Signs and symptoms of syncope in dogs and cats.

Cardiac output often becomes inadequate in animals with heart disease or heart failure, especially in association with activity. Reduced exercise tolerance and tiring can result from impaired skeletal muscle perfusion during exercise and the vascular and metabolic changes that result over time. Episodes of exertional weakness or collapse can relate to these changes or to an acute decrease in cardiac output caused by arrhythmias.

Syncope in dogs and cats is an abrupt and transient loss of consciousness and postural tone caused by insufficient delivery of oxygen or glucose to the brain. As such, syncope is not a diagnosis itself but a sign of underlying disease. Various cardiac and non-cardiac abnormalities can cause syncope in dogs and cats as well as intermittent weakness. Syncope can be confused with episodes of intermittent weakness or seizures. A careful description of the animal’s behavior or activity before the collapse event, during the event itself, and after the collapse, as well as a drug history, helps the clinician differentiate among syncopal attacks, episodic weakness, and true seizures.

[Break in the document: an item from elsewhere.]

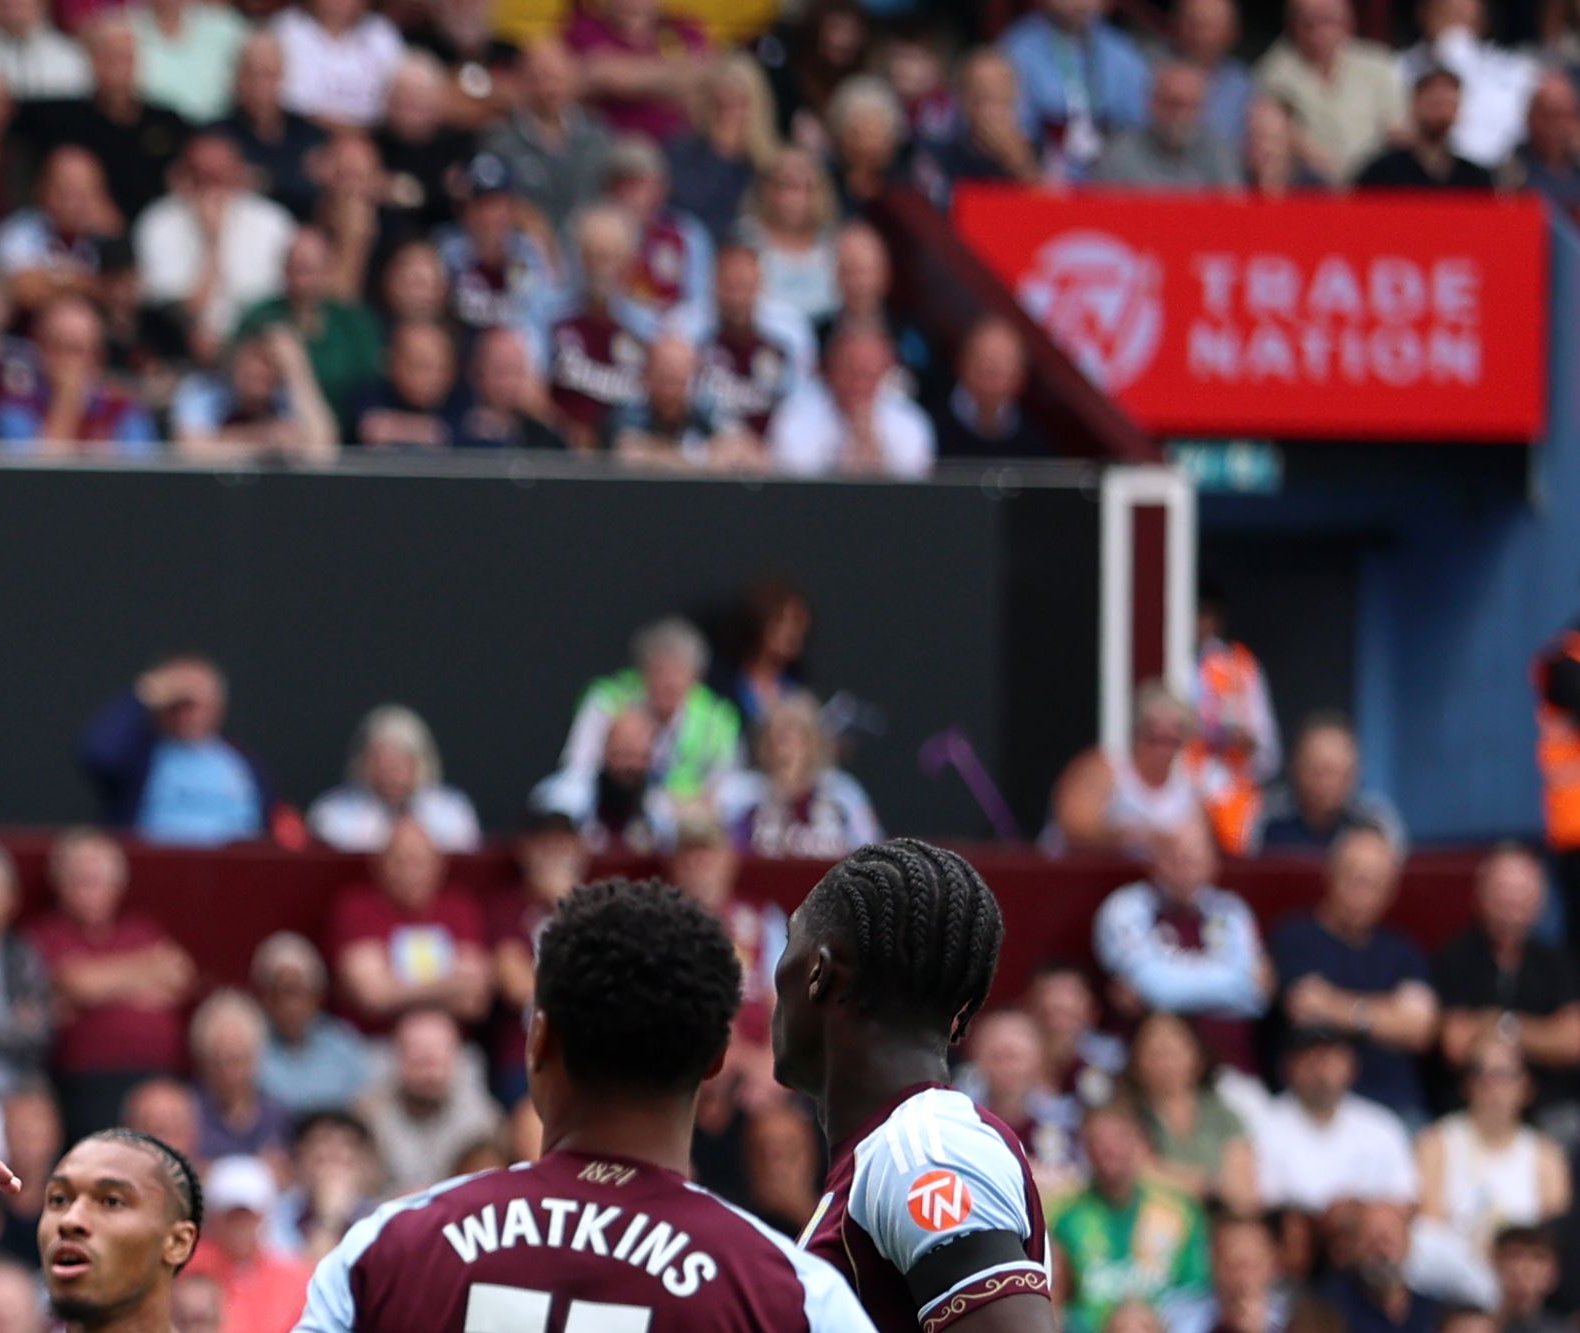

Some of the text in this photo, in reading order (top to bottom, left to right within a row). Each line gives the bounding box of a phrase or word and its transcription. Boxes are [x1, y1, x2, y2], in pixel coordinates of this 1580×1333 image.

[1189, 255, 1481, 322] TRADE
[1187, 322, 1483, 384] NATION
[441, 1197, 718, 1298] WATKINS

Dogs and cats syncope is often associated with exertion or excitement. The actual event may be characterized by rear limb weakness or sudden collapse, lateral recumbency, stiffening of the forelimbs and opisthotonos, and micturition. Vocalization is common; however, tonic-clonic motion, facial fits, and defecation are not. An aura (which often occurs before seizure activity), postictal dementia, and neurologic deficits are generally not seen in dogs and cats with cardiovascular syncope.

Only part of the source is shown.